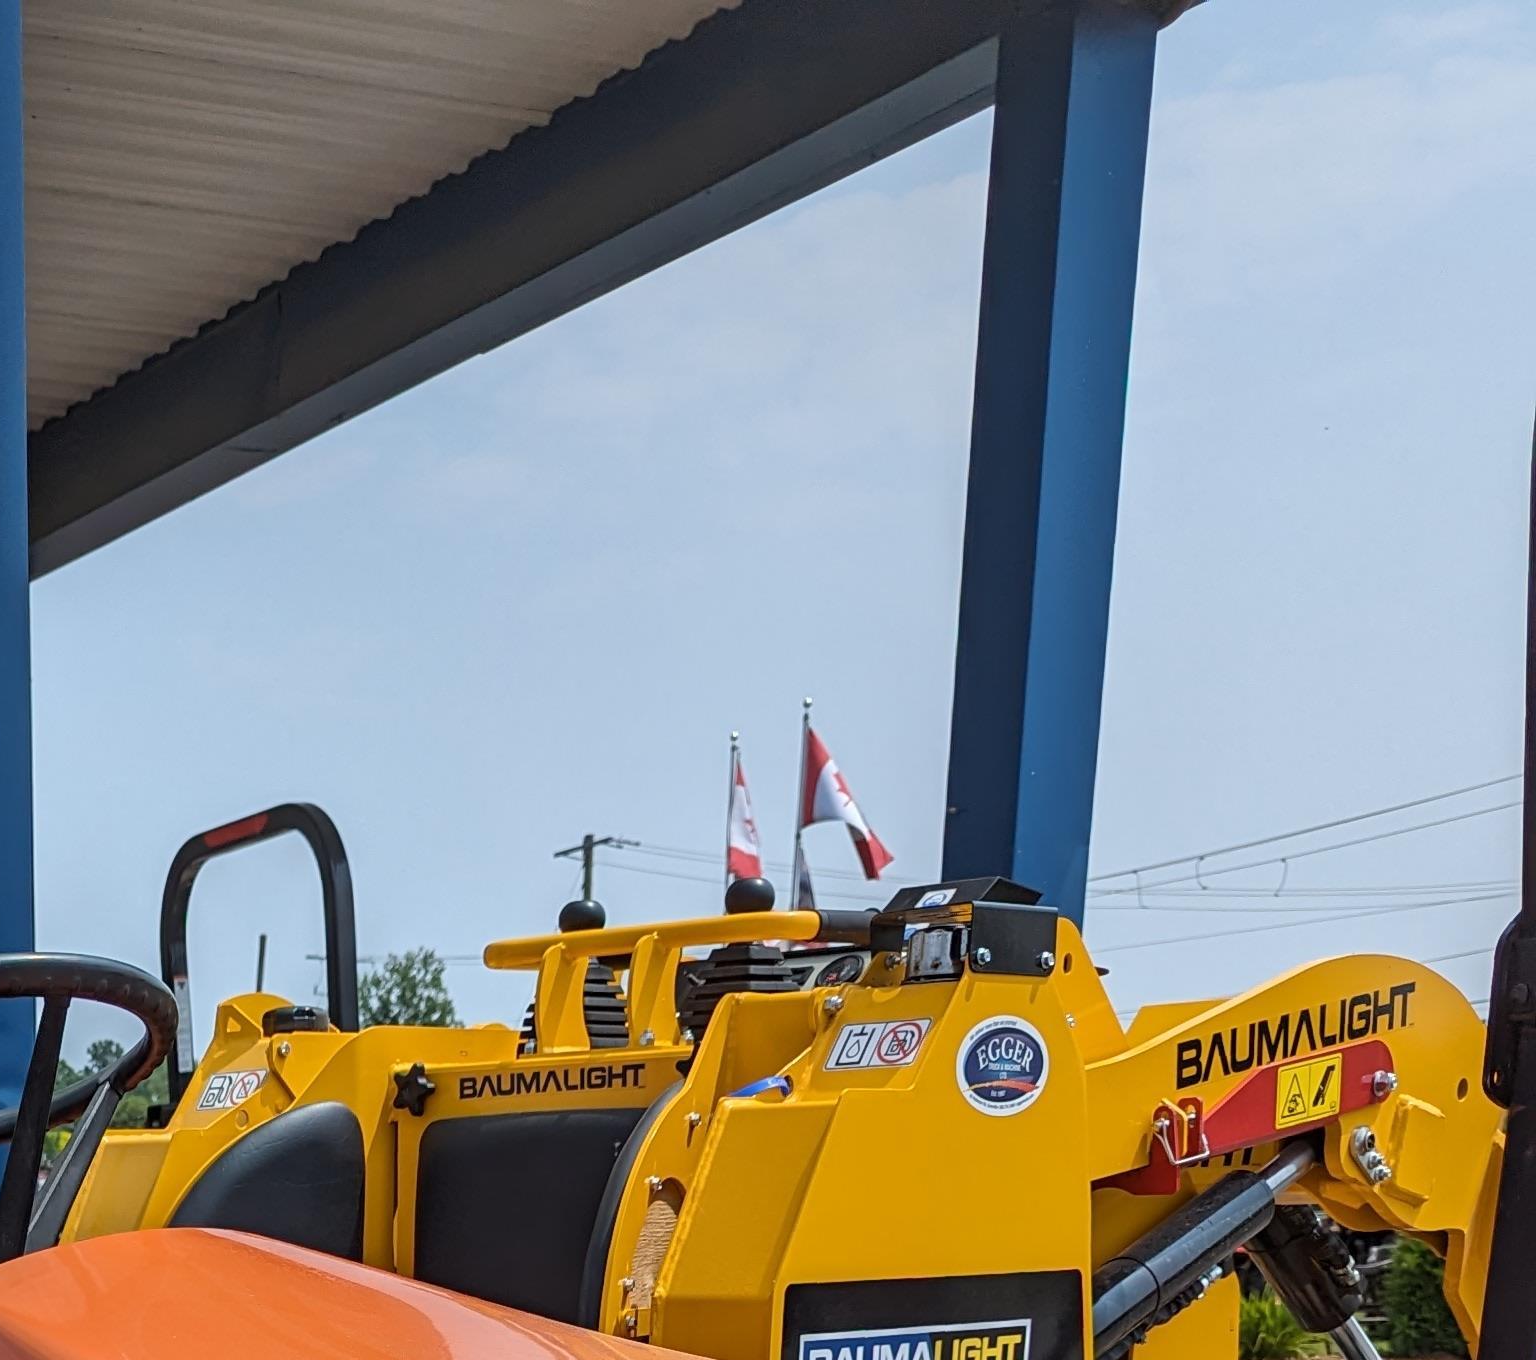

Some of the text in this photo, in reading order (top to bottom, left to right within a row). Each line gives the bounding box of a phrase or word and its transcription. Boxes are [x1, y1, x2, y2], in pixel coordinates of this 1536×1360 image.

[1176, 982, 1416, 1090] BAUMALIGHT
[976, 1037, 1034, 1072] EGGER
[459, 1063, 645, 1099] BAUMALIGHT
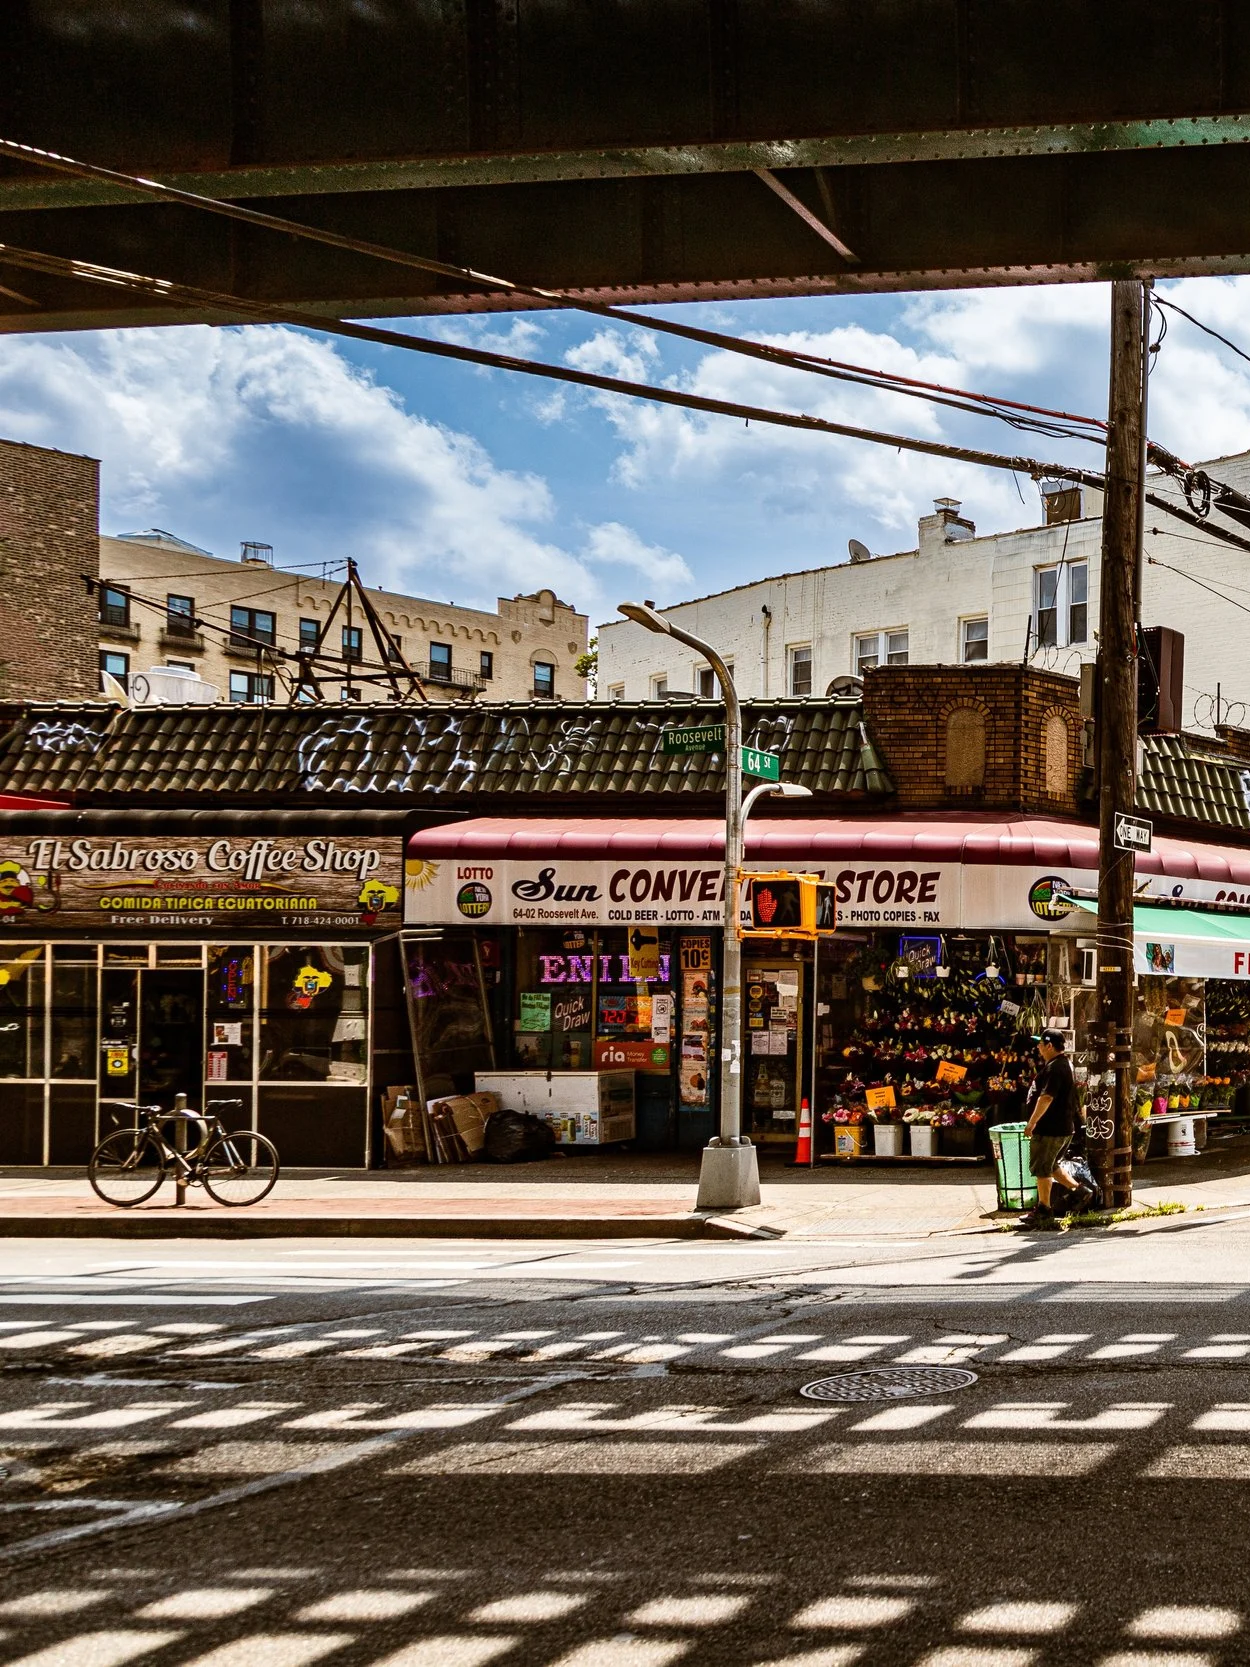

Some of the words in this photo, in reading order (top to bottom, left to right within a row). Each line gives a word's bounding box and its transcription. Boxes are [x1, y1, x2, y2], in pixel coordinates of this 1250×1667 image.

[668, 727, 722, 745] Roosevelt
[685, 743, 706, 752] Avenue
[748, 752, 761, 772] 64
[764, 756, 771, 769] St
[1119, 825, 1131, 839] ONE
[1135, 829, 1148, 843] WAY
[28, 839, 63, 870] El
[68, 839, 201, 871] Sabroso
[208, 840, 299, 880] Coffee
[303, 840, 381, 880] Shop
[457, 867, 493, 880] LOTTO
[511, 867, 604, 903] Sun
[836, 870, 941, 904] STORE
[1052, 880, 1066, 889] NE
[100, 897, 163, 909] COMIDA
[166, 897, 213, 910] TIPICA
[217, 897, 318, 910] ECUATORIANA
[513, 908, 536, 919] 64-02
[538, 908, 580, 919] Roosevelt
[581, 908, 599, 919] Ave.
[608, 910, 633, 921] COLD
[635, 910, 658, 921] BEER
[666, 910, 695, 921] LOTTO
[702, 911, 720, 921] ATM
[851, 911, 881, 921] PHOTO
[884, 911, 917, 922] COPIES
[923, 912, 940, 922] FAX
[111, 915, 145, 924] Free
[150, 915, 214, 926] Delivery
[292, 916, 360, 925] 718-424-0001
[680, 939, 710, 949] COPIES
[908, 946, 931, 963] Quick
[554, 995, 585, 1019] Quick
[563, 1010, 591, 1032] Draw
[601, 1046, 625, 1063] ria
[627, 1051, 645, 1059] Money
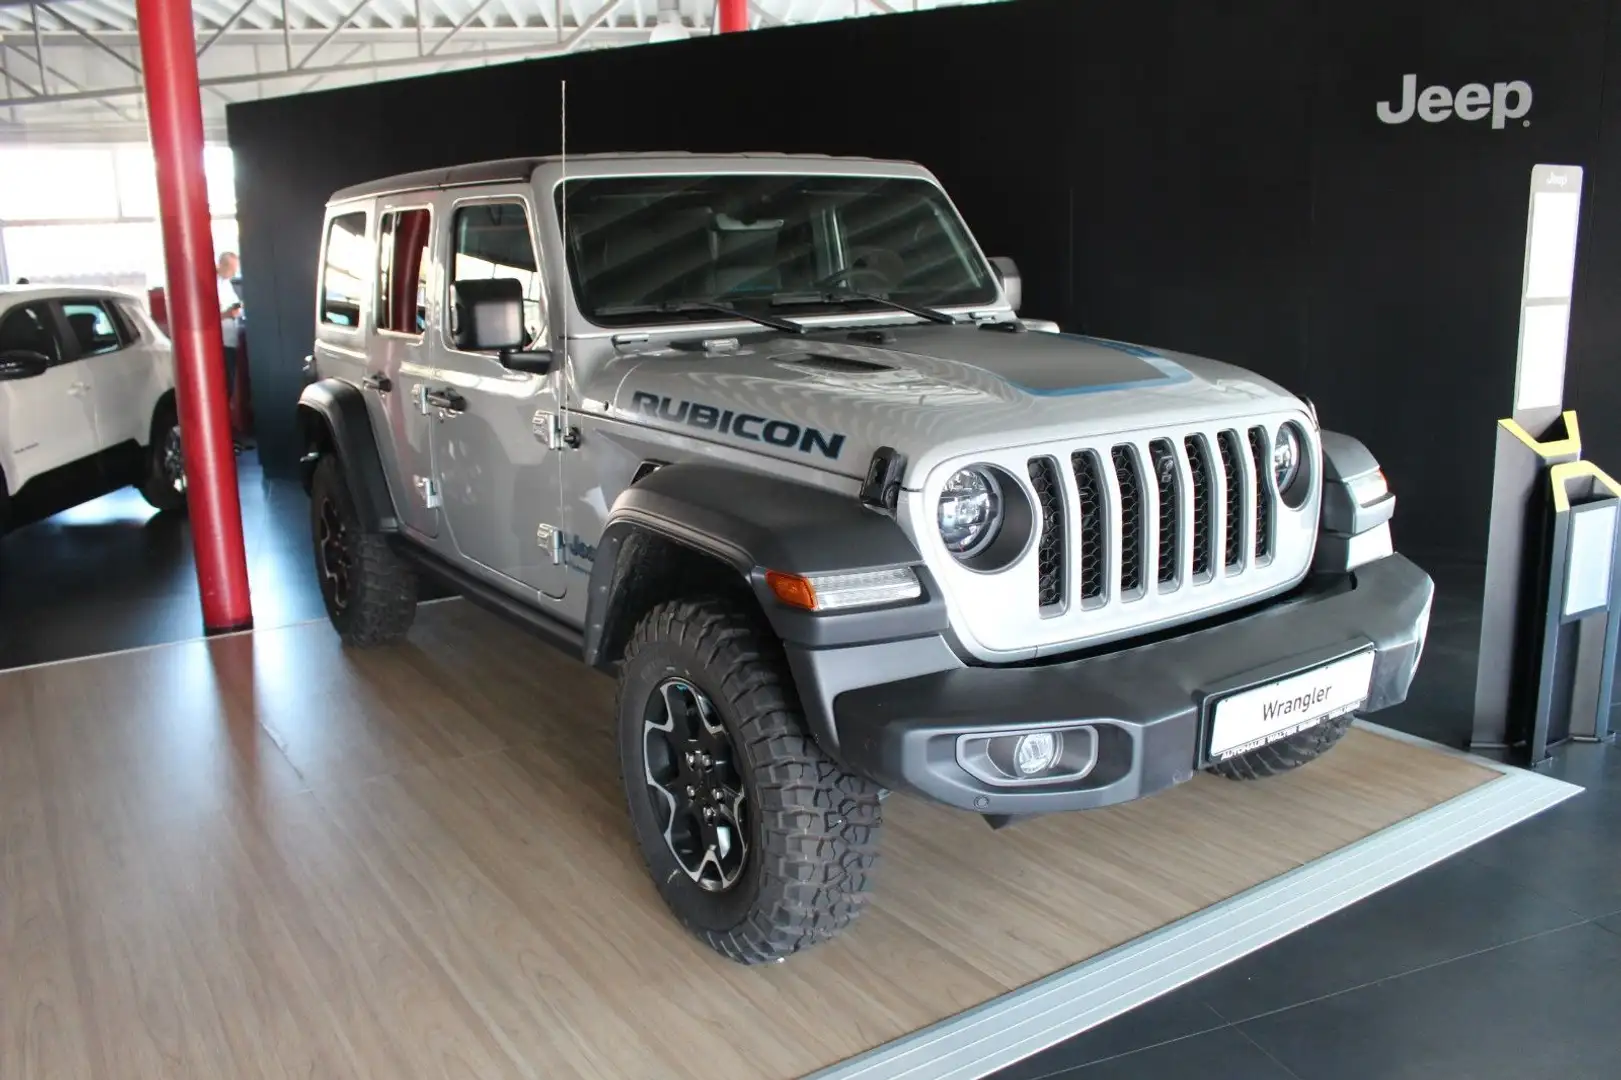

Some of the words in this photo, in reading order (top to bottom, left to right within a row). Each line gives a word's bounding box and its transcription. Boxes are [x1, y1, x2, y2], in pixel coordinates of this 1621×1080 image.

[1376, 73, 1533, 129] Jeep
[1546, 171, 1568, 188] Jeep
[631, 391, 846, 460] RUBICON
[1262, 686, 1332, 721] Wrangler

- [BRIEF] Could you restate all of the data above word for word and skip every picture?

- [EXERCISE RESPONSE]
Some of the text in this photo, in reading order (top to bottom, left to right within a row). Each line gives the bounding box of a phrase or word and its transcription. Boxes are [x1, y1, x2, y2], in pixel coordinates of this 1536×1360 image.

[1176, 982, 1416, 1090] BAUMALIGHT
[976, 1037, 1034, 1072] EGGER
[459, 1063, 645, 1099] BAUMALIGHT

Some of the words in this photo, in reading order (top to bottom, left to right within a row). Each line gives a word's bounding box and its transcription. Boxes are [x1, y1, x2, y2], in pixel coordinates of this 1250×1667 image.

[668, 727, 722, 745] Roosevelt
[685, 743, 706, 752] Avenue
[748, 752, 761, 772] 64
[764, 756, 771, 769] St
[1119, 825, 1131, 839] ONE
[1135, 829, 1148, 843] WAY
[28, 839, 63, 870] El
[68, 839, 201, 871] Sabroso
[208, 840, 299, 880] Coffee
[303, 840, 381, 880] Shop
[457, 867, 493, 880] LOTTO
[511, 867, 604, 903] Sun
[836, 870, 941, 904] STORE
[1052, 880, 1066, 889] NE
[100, 897, 163, 909] COMIDA
[166, 897, 213, 910] TIPICA
[217, 897, 318, 910] ECUATORIANA
[513, 908, 536, 919] 64-02
[538, 908, 580, 919] Roosevelt
[581, 908, 599, 919] Ave.
[608, 910, 633, 921] COLD
[635, 910, 658, 921] BEER
[666, 910, 695, 921] LOTTO
[702, 911, 720, 921] ATM
[851, 911, 881, 921] PHOTO
[884, 911, 917, 922] COPIES
[923, 912, 940, 922] FAX
[111, 915, 145, 924] Free
[150, 915, 214, 926] Delivery
[292, 916, 360, 925] 718-424-0001
[680, 939, 710, 949] COPIES
[908, 946, 931, 963] Quick
[554, 995, 585, 1019] Quick
[563, 1010, 591, 1032] Draw
[601, 1046, 625, 1063] ria
[627, 1051, 645, 1059] Money

Some of the words in this photo, in reading order (top to bottom, left to right within a row). Each line gives a word's bounding box and its transcription. Boxes are [x1, y1, x2, y2], in pixel coordinates of this 1621×1080 image.

[1376, 73, 1533, 129] Jeep
[1546, 171, 1568, 188] Jeep
[631, 391, 846, 460] RUBICON
[1262, 686, 1332, 721] Wrangler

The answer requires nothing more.